AC^2-VLA: Action-Context-Aware Adaptive Computation in Vision-Language-Action Models for Efficient Robotic Manipulation

Published 27 Jan 2026 in cs.RO and cs.MM | (2601.19634v1)

Abstract: Vision-Language-Action (VLA) models have demonstrated strong performance in robotic manipulation, yet their closed-loop deployment is hindered by the high latency and compute cost of repeatedly running large vision-language backbones at every timestep. We observe that VLA inference exhibits structured redundancies across temporal, spatial, and depth dimensions, and that most existing efficiency methods ignore action context, despite its central role in embodied tasks. To address this gap, we propose Action-Context-aware Adaptive Computation for VLA models (AC^2-VLA), a unified framework that conditions computation on current visual observations, language instructions, and previous action states. Based on this action-centric context, AC^2-VLA adaptively performs cognition reuse across timesteps, token pruning, and selective execution of model components within a unified mechanism. To train the adaptive policy, we introduce an action-guided self-distillation scheme that preserves the behavior of the dense VLA policy while enabling structured sparsification that transfers across tasks and settings. Extensive experiments on robotic manipulation benchmarks show that AC^2-VLA achieves up to a 1.79\times speedup while reducing FLOPs to 29.4% of the dense baseline, with comparable task success.

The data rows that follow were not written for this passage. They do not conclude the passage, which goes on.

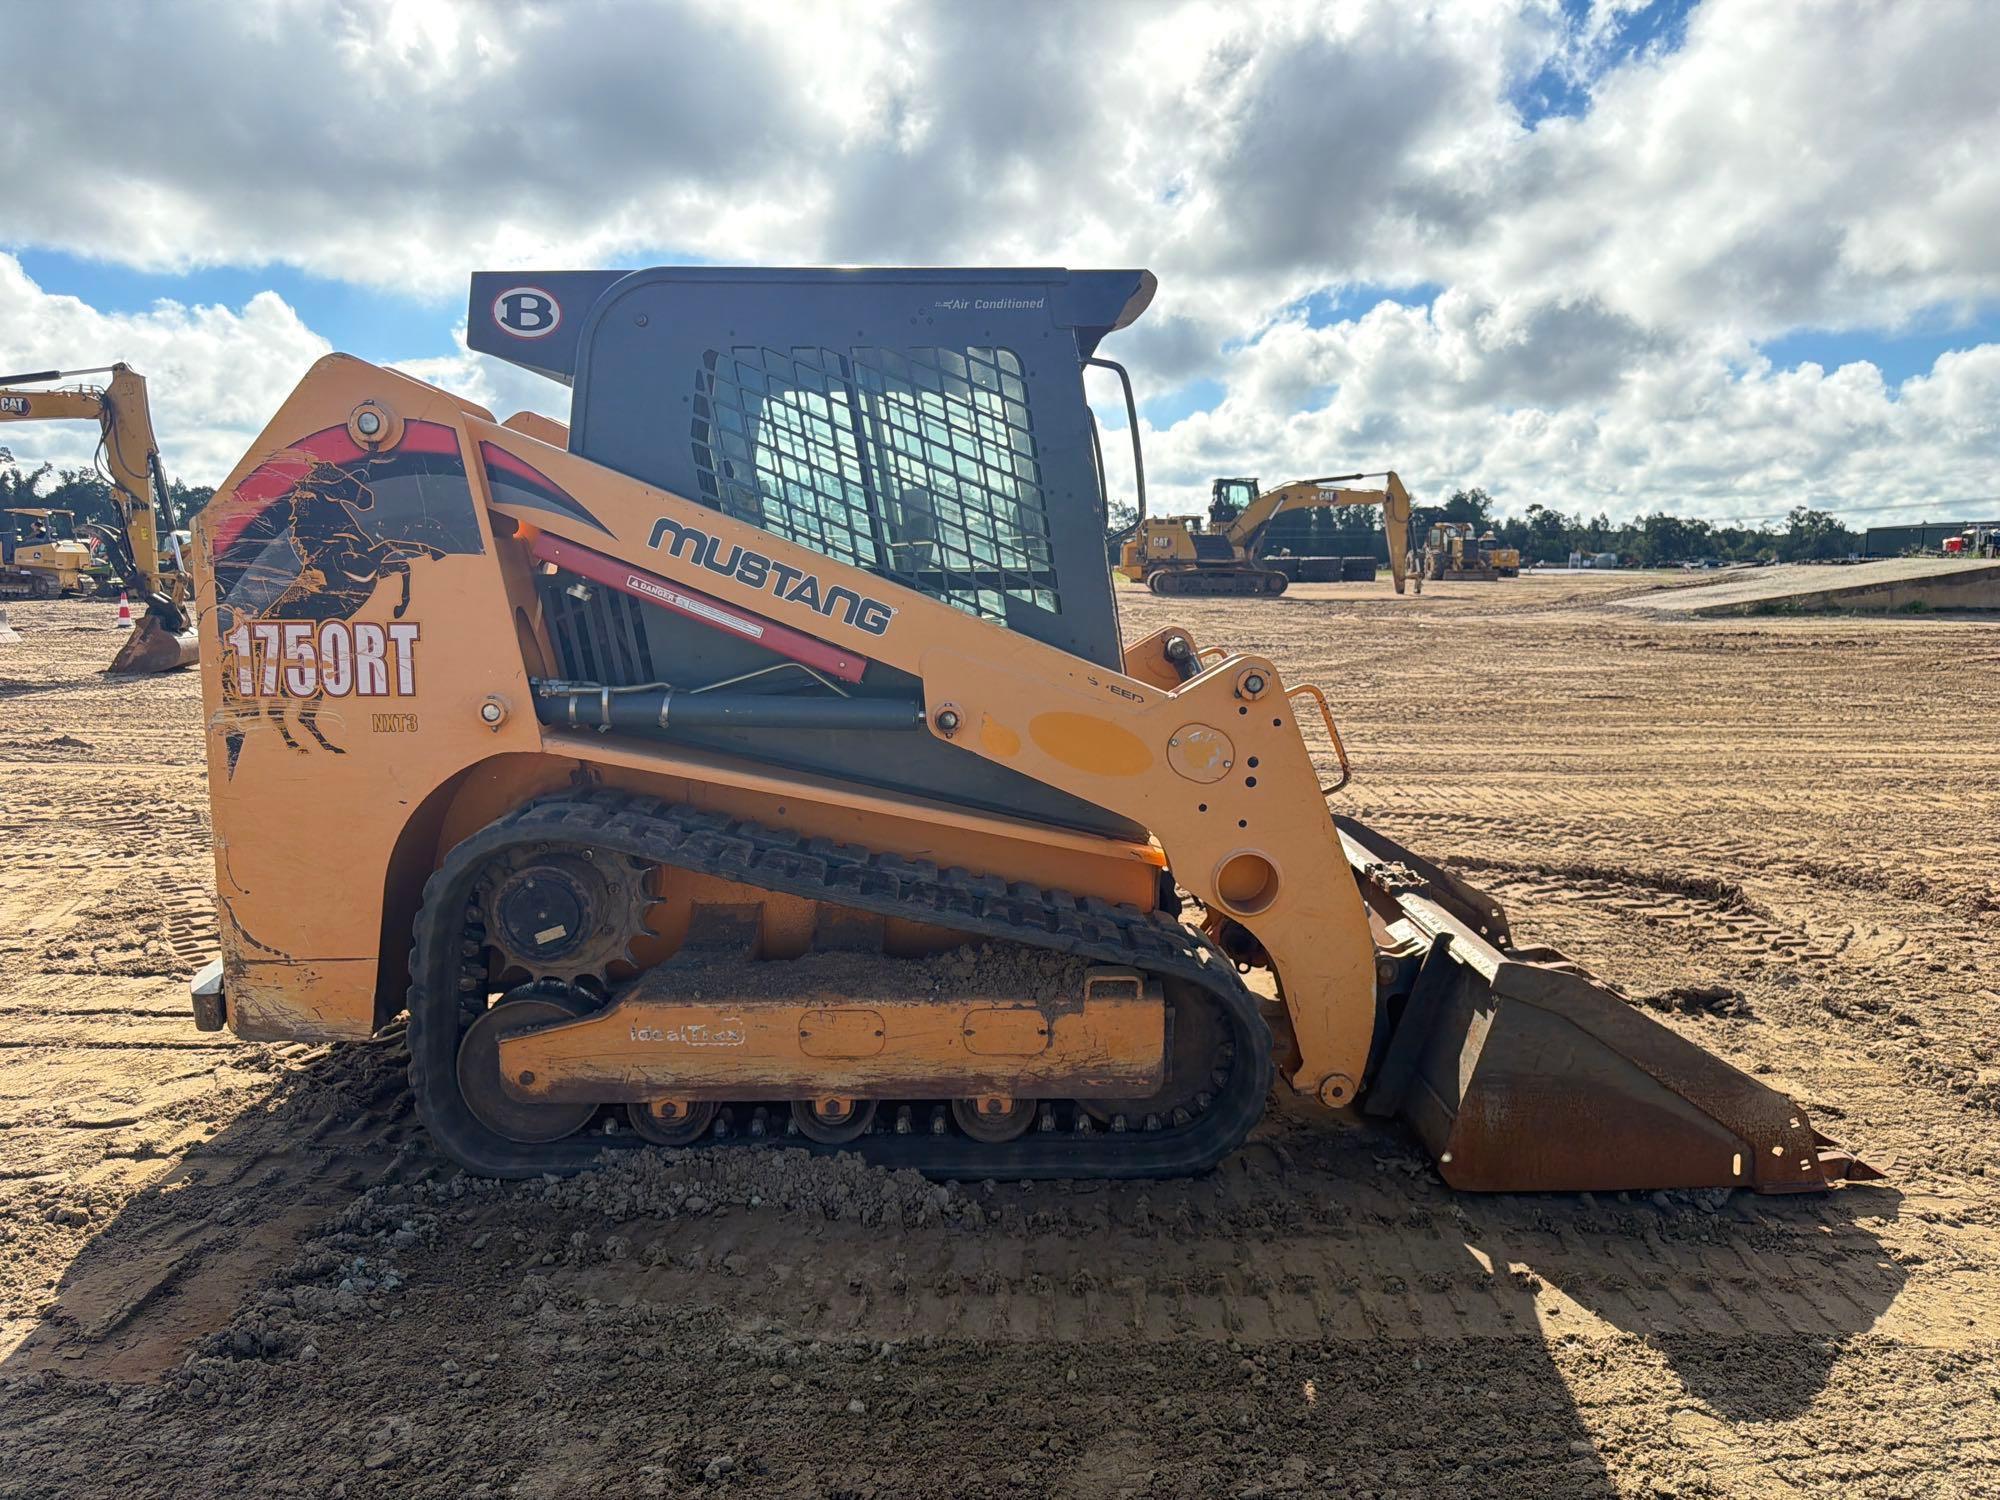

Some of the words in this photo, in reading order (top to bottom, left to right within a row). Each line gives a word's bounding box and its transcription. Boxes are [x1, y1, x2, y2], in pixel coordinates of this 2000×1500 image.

[952, 299, 969, 309] Air
[974, 298, 1044, 309] Conditioned
[0, 397, 24, 412] CAT
[1319, 491, 1335, 501] CAT
[1153, 536, 1169, 547] CAT
[640, 582, 675, 601] DANGER
[225, 620, 421, 698] 1750RT
[372, 713, 419, 733] NXT3
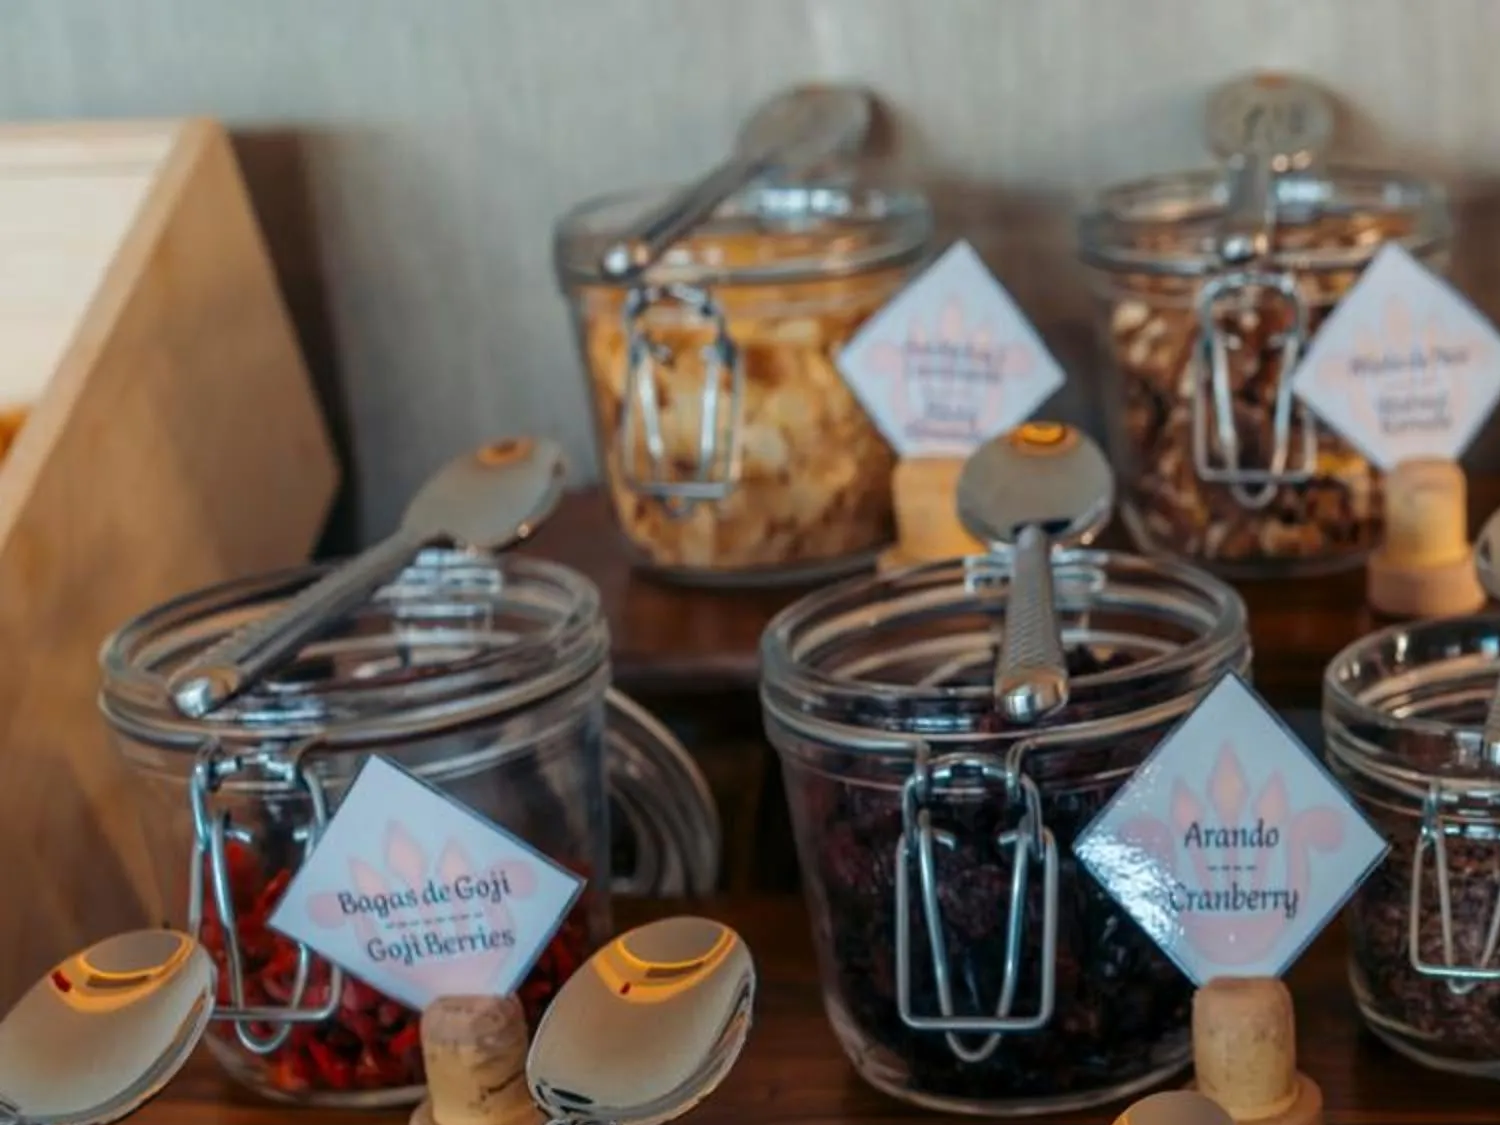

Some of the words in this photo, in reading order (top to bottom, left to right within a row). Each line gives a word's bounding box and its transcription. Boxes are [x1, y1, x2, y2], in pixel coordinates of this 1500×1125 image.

[1183, 818, 1280, 849] Arando
[336, 889, 418, 919] Bagas
[422, 880, 450, 903] de
[454, 868, 513, 903] Goji
[1168, 882, 1299, 920] Cranberry
[366, 934, 422, 967] Goji
[423, 926, 516, 957] Berries

Abstract PDF Upgrade to Chat

Summary

The paper presents an action-context-aware router that jointly optimizes cache reuse, token pruning, and layer skipping, achieving up to 1.79× inference speedup.
It integrates visual, language, and action inputs to dynamically allocate computation, reducing effective FLOPs to 29.4% of a dense baseline while maintaining task success rates.
The study demonstrates that aligning computation with manipulation context enhances robustness and enables real-time control in dynamic robotic environments.

Action-Context-Aware Adaptive Computation for Efficient VLA Robotic Manipulation

Motivation and Background

Vision-Language-Action (VLA) models have gained traction as generalist policies for robotic manipulation, integrating visual perception, language grounding, and action prediction within large-scale multimodal backbones. While state-of-the-art VLA architectures--e.g., RT-2, OpenVLA, and CogACT--achieve robust performance on complex tasks, their closed-loop deployment is constrained by significant computational burdens. Typically, the inference pipeline must process high-dimensional visual observations and language instructions at each timestep via deep vision-language encoders, resulting in undesirable latency and reduced control frequencies in dynamic environments.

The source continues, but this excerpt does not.